WORK ORDER:
Each record needs to be retyped exactly, though its pictures should not appear.

[Dataset entries]
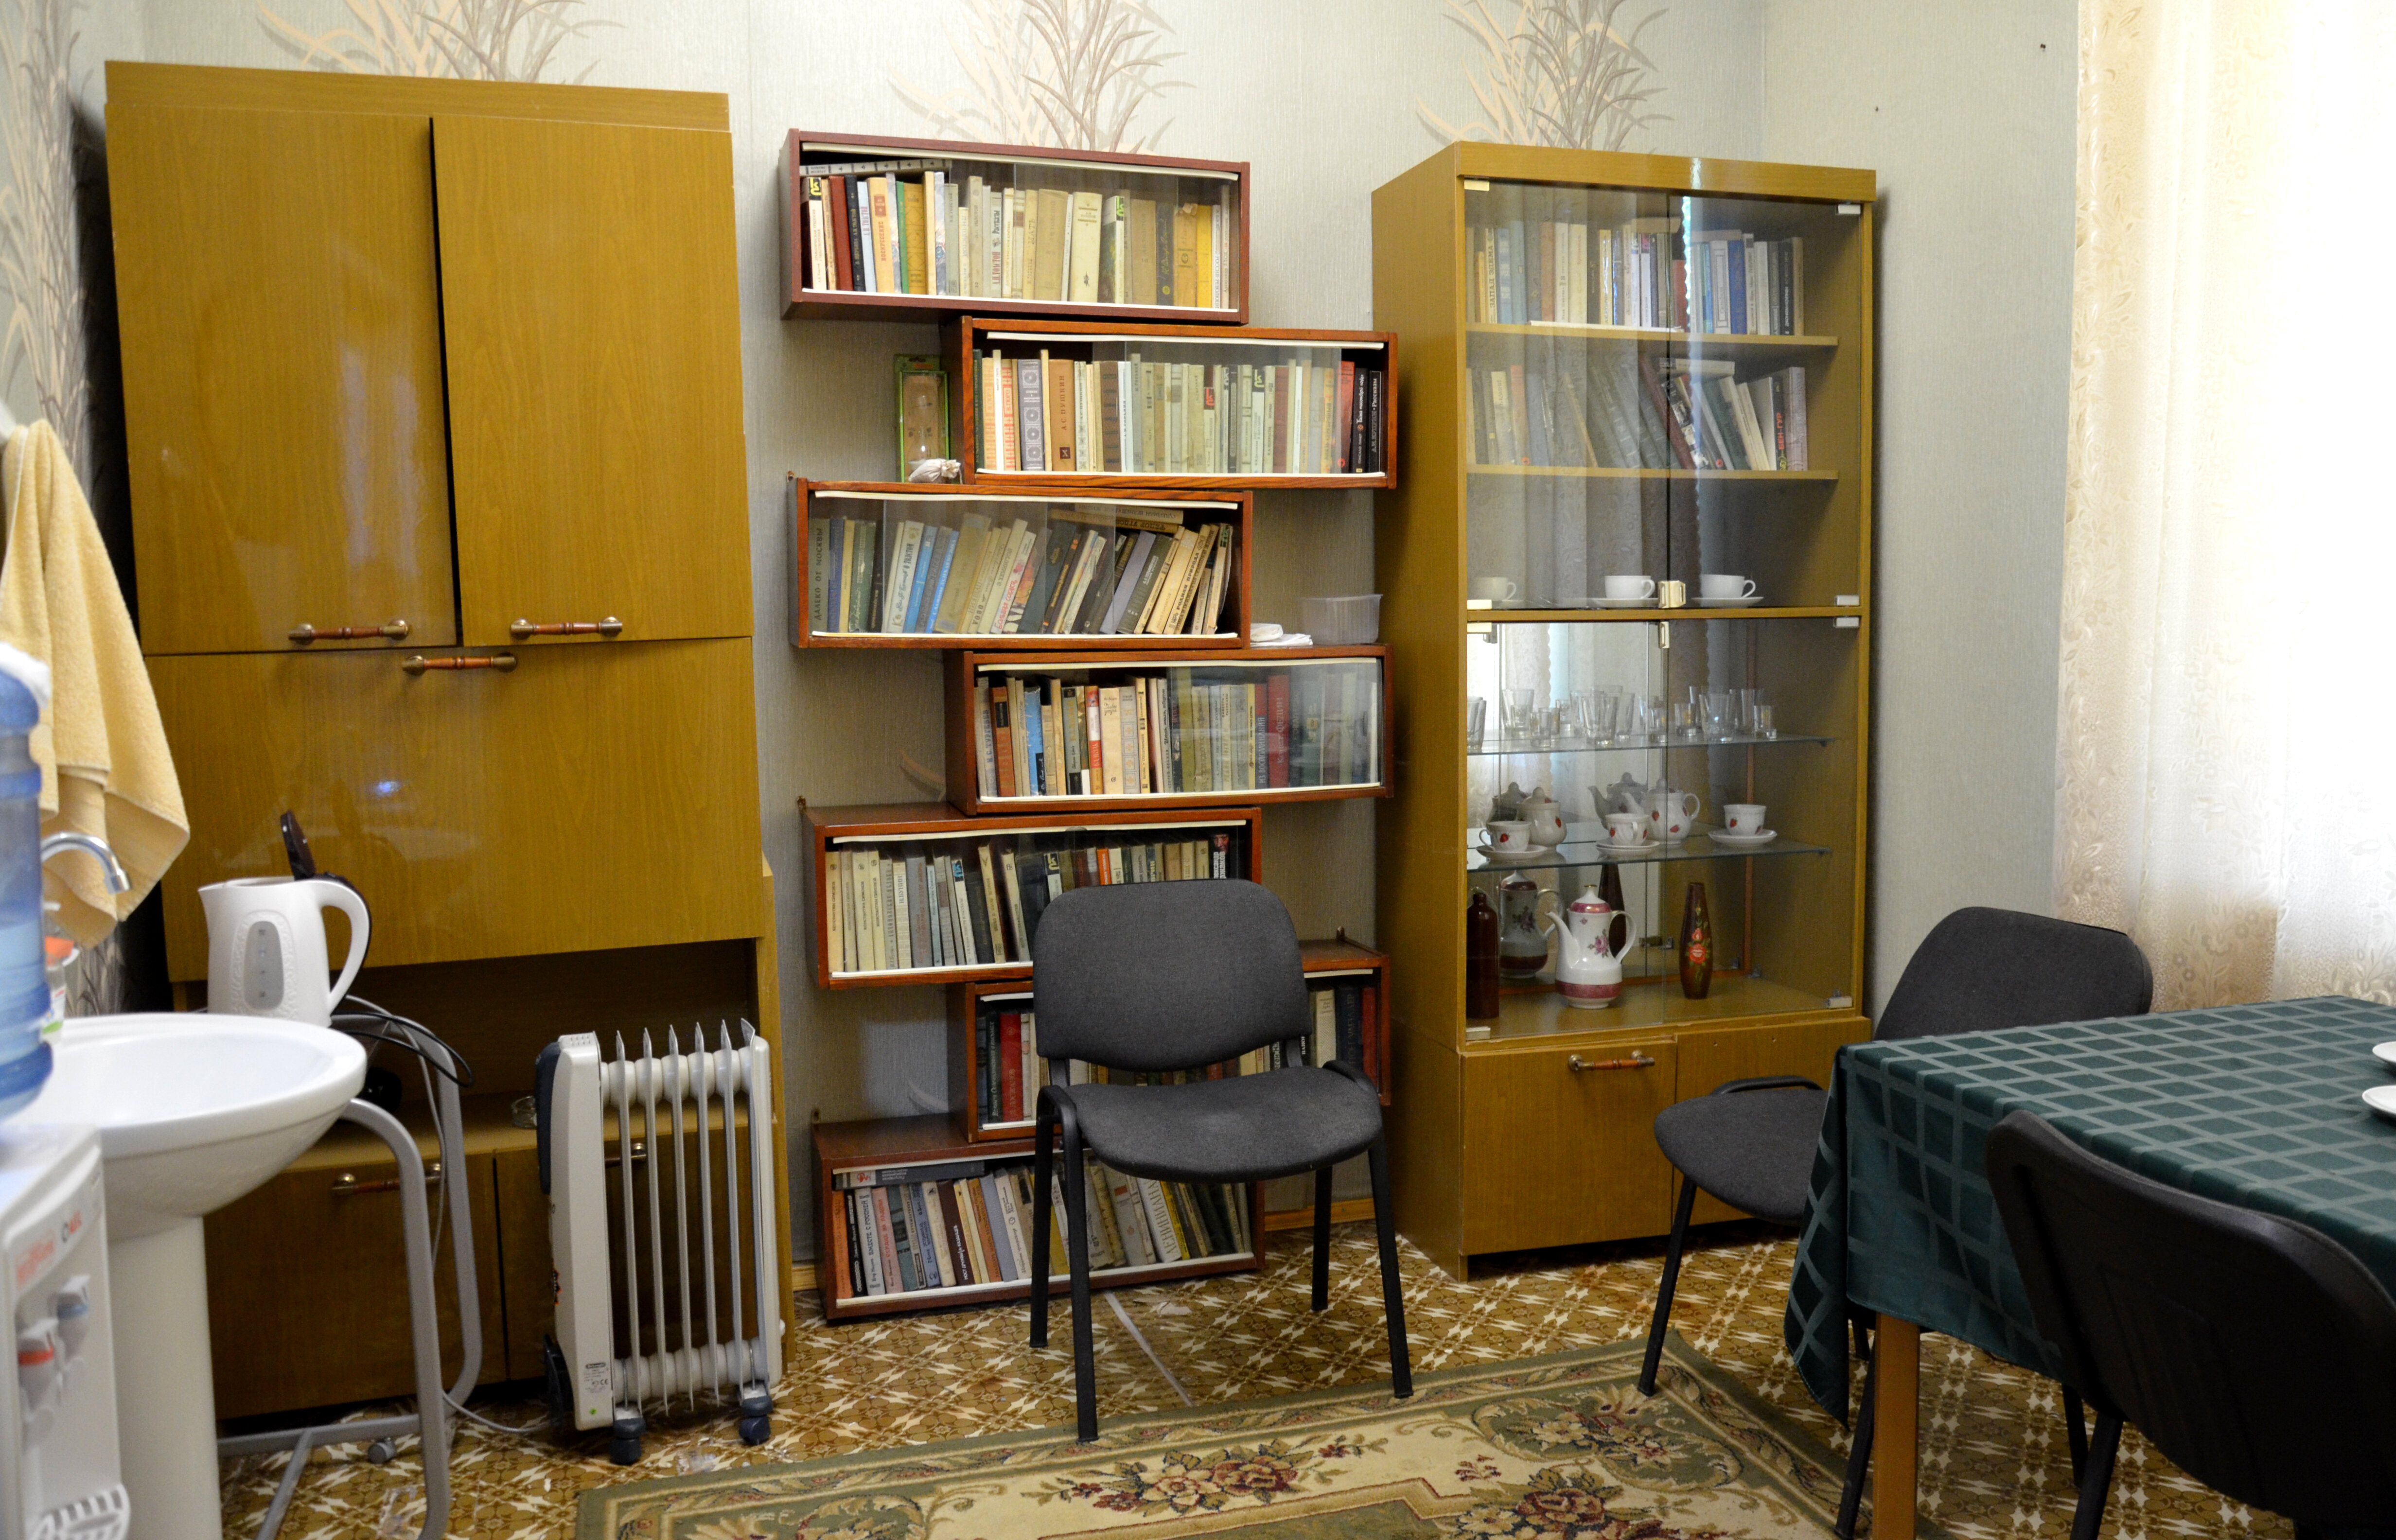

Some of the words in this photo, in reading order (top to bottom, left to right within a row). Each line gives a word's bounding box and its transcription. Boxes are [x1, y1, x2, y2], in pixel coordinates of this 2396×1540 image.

[861, 206, 869, 226] ТОЛСТОЙ
[1776, 412, 1785, 450] БЕН-ГУР
[903, 543, 914, 564] ТОЛСТОМ
[815, 571, 822, 582] ОТ
[1176, 584, 1188, 610] РОДНАЯ
[1186, 552, 1199, 581] ПРИРОДА
[983, 709, 991, 749] ТУРГЕНЕВ
[1257, 775, 1266, 783] ИЗ
[862, 1200, 870, 1225] РОССИЕЙ
[1144, 1180, 1177, 1254] ЛЕНИНИАНА
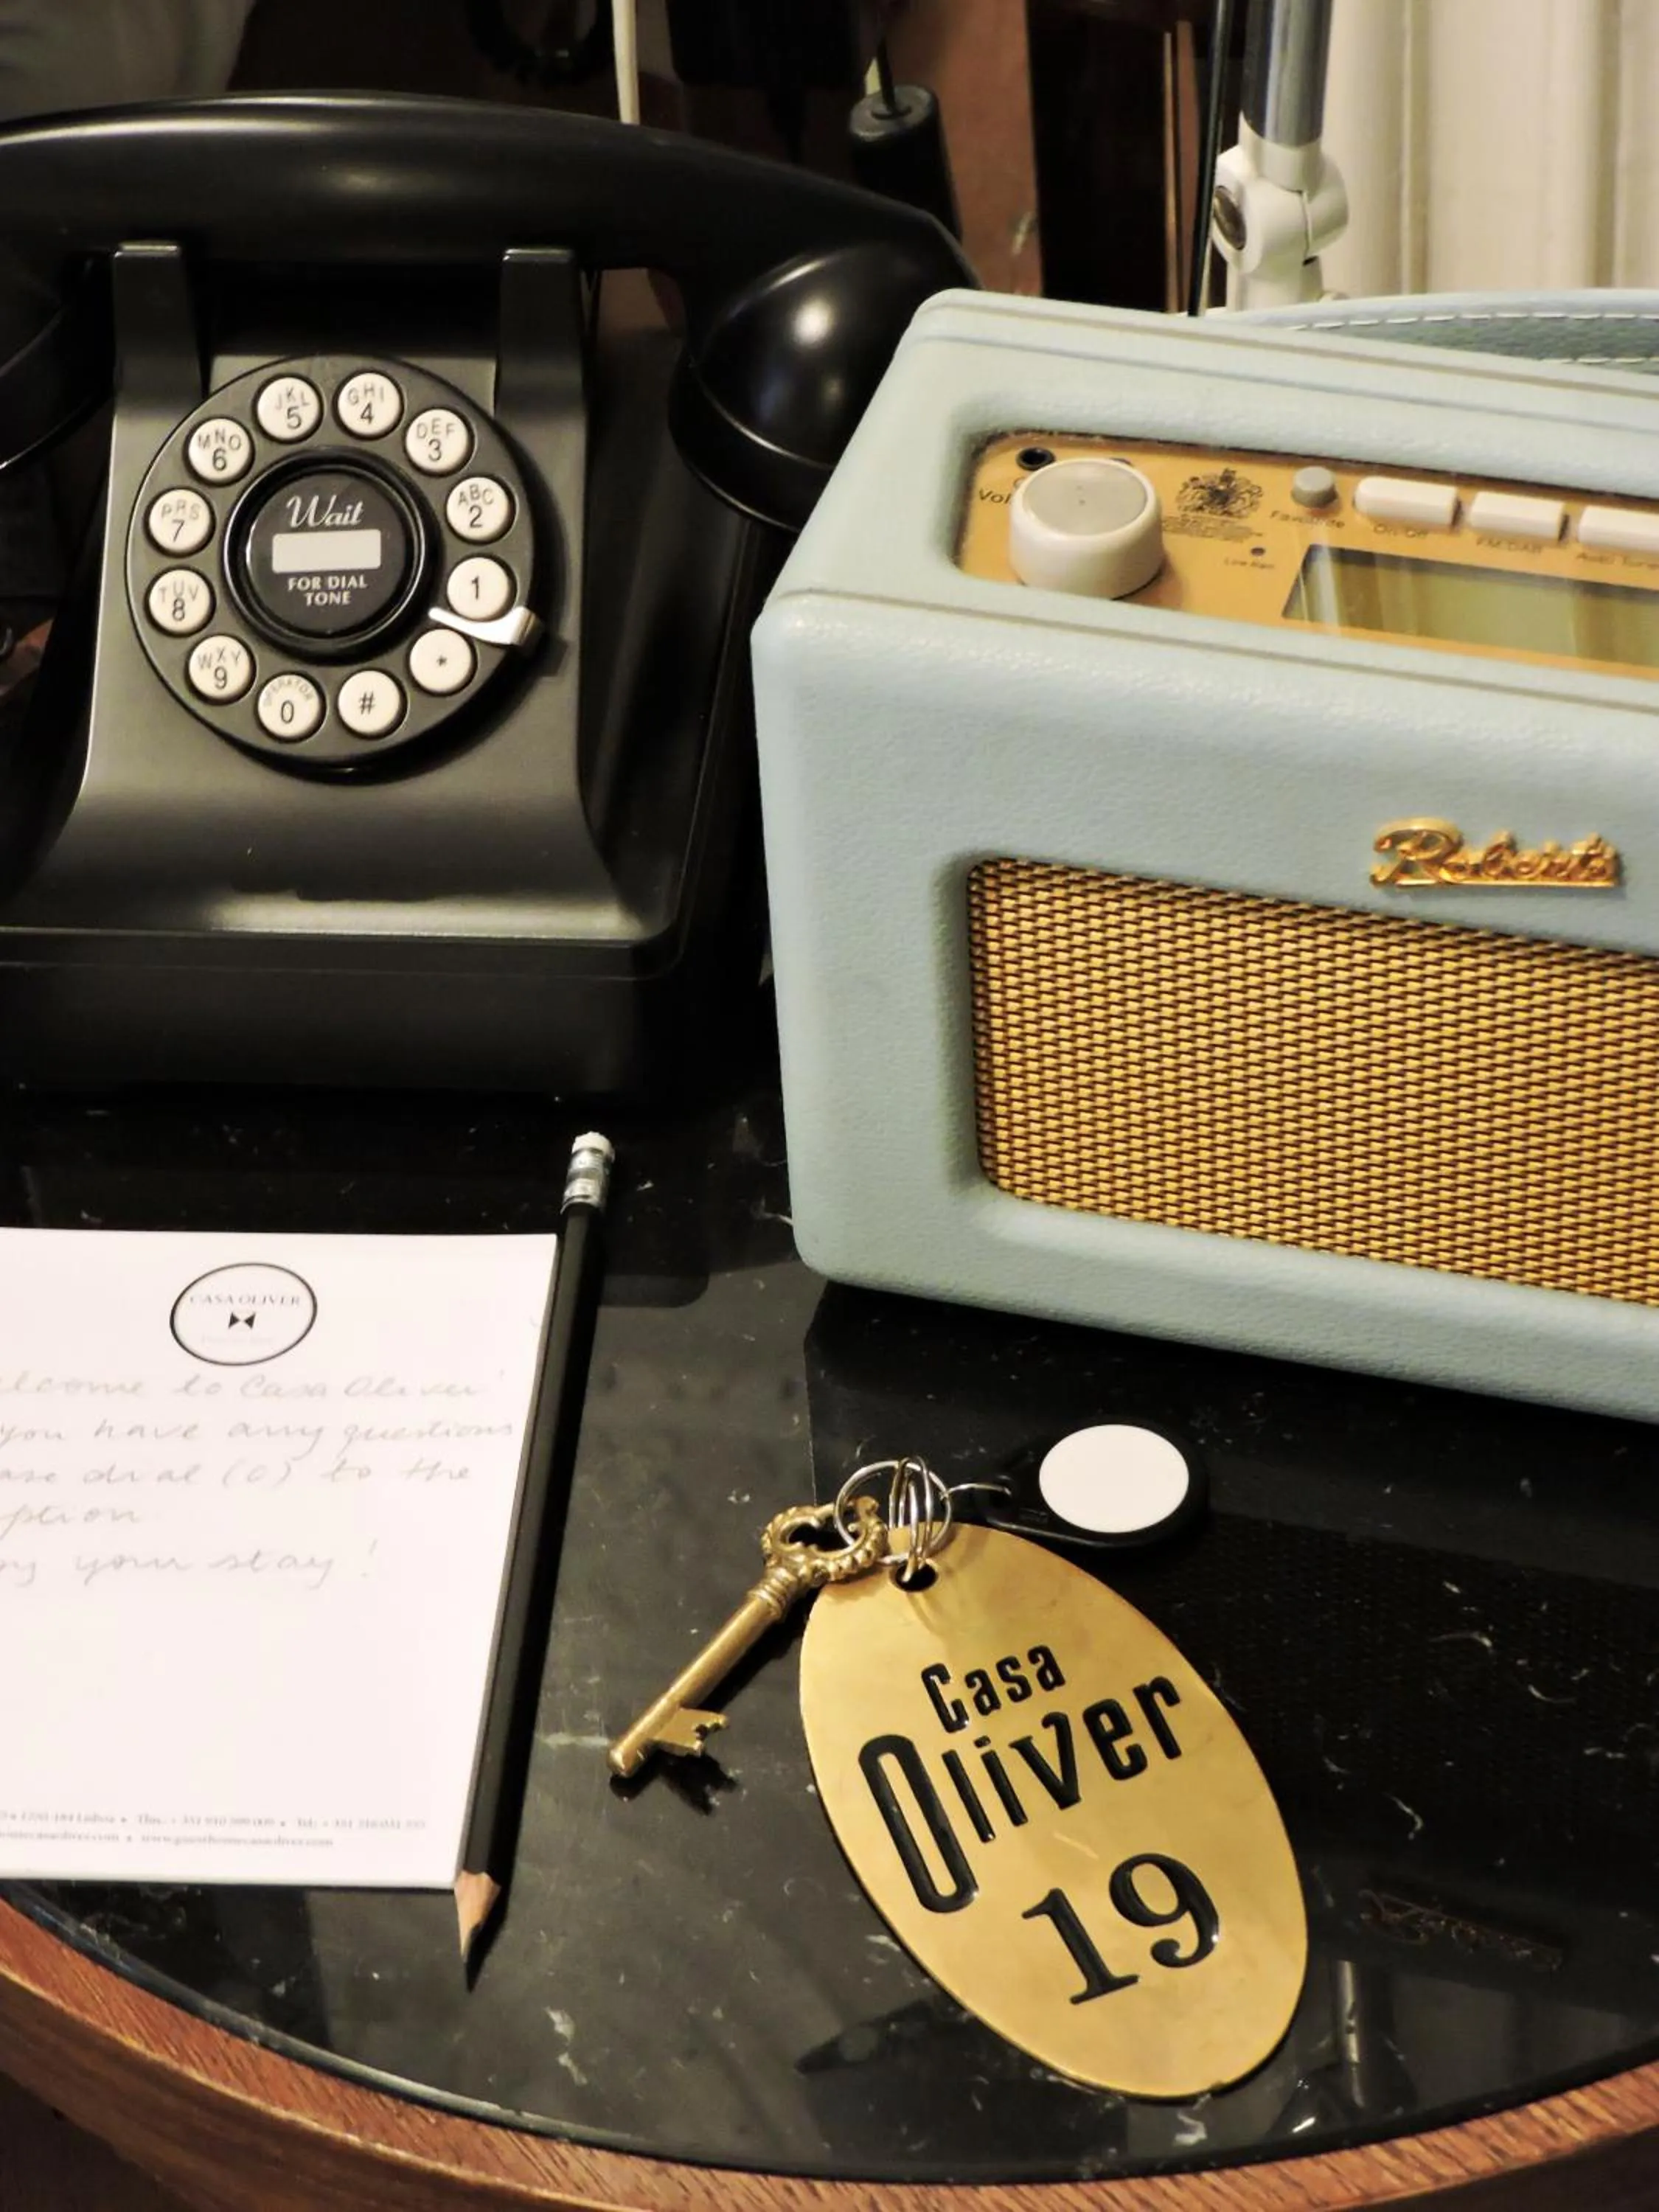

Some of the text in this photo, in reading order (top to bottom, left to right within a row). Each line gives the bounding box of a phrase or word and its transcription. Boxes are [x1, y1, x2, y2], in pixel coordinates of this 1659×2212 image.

[276, 388, 310, 411] JKL
[347, 386, 384, 406] GHI
[286, 406, 302, 430] 5
[359, 407, 374, 425] 4
[417, 417, 456, 440] DEF
[197, 431, 242, 452] MNO
[428, 438, 442, 462] 3
[212, 448, 228, 473] 6
[458, 484, 494, 506] ABC
[286, 493, 364, 529] Wait
[468, 505, 483, 529] 2
[171, 520, 184, 543] 7
[159, 580, 199, 604] TUV
[288, 574, 367, 591] FOR DIAL
[470, 576, 481, 599] 1
[172, 597, 186, 622] 8
[305, 591, 352, 606] TONE
[198, 647, 241, 670] WXY
[213, 667, 229, 690] 9
[358, 692, 375, 715] #
[189, 1293, 301, 1306] CASA OLIVER
[94, 1418, 202, 1441] have
[227, 1421, 324, 1460] any
[328, 1419, 514, 1461] questions
[83, 1461, 201, 1485] dial
[319, 1457, 372, 1485] to
[401, 1456, 470, 1484] the
[0, 1503, 141, 1540] ption
[921, 1645, 1066, 1733] Casa
[858, 1675, 1183, 1914] Oliver
[1021, 1852, 1220, 2005] 19

TASK RESPONSE:
Some of the words in this photo, in reading order (top to bottom, left to right within a row). Each line gives a word's bounding box and its transcription. Boxes are [x1, y1, x2, y2], in pixel coordinates of this 2396×1540 image.

[861, 206, 869, 226] ТОЛСТОЙ
[1776, 412, 1785, 450] БЕН-ГУР
[903, 543, 914, 564] ТОЛСТОМ
[815, 571, 822, 582] ОТ
[1176, 584, 1188, 610] РОДНАЯ
[1186, 552, 1199, 581] ПРИРОДА
[983, 709, 991, 749] ТУРГЕНЕВ
[1257, 775, 1266, 783] ИЗ
[862, 1200, 870, 1225] РОССИЕЙ
[1144, 1180, 1177, 1254] ЛЕНИНИАНА

Some of the text in this photo, in reading order (top to bottom, left to right within a row). Each line gives the bounding box of a phrase or word and its transcription. Boxes are [x1, y1, x2, y2], in pixel coordinates of this 1659×2212 image.

[276, 388, 310, 411] JKL
[347, 386, 384, 406] GHI
[286, 406, 302, 430] 5
[359, 407, 374, 425] 4
[417, 417, 456, 440] DEF
[197, 431, 242, 452] MNO
[428, 438, 442, 462] 3
[212, 448, 228, 473] 6
[458, 484, 494, 506] ABC
[286, 493, 364, 529] Wait
[468, 505, 483, 529] 2
[171, 520, 184, 543] 7
[159, 580, 199, 604] TUV
[288, 574, 367, 591] FOR DIAL
[470, 576, 481, 599] 1
[172, 597, 186, 622] 8
[305, 591, 352, 606] TONE
[198, 647, 241, 670] WXY
[213, 667, 229, 690] 9
[358, 692, 375, 715] #
[189, 1293, 301, 1306] CASA OLIVER
[94, 1418, 202, 1441] have
[227, 1421, 324, 1460] any
[328, 1419, 514, 1461] questions
[83, 1461, 201, 1485] dial
[319, 1457, 372, 1485] to
[401, 1456, 470, 1484] the
[0, 1503, 141, 1540] ption
[921, 1645, 1066, 1733] Casa
[858, 1675, 1183, 1914] Oliver
[1021, 1852, 1220, 2005] 19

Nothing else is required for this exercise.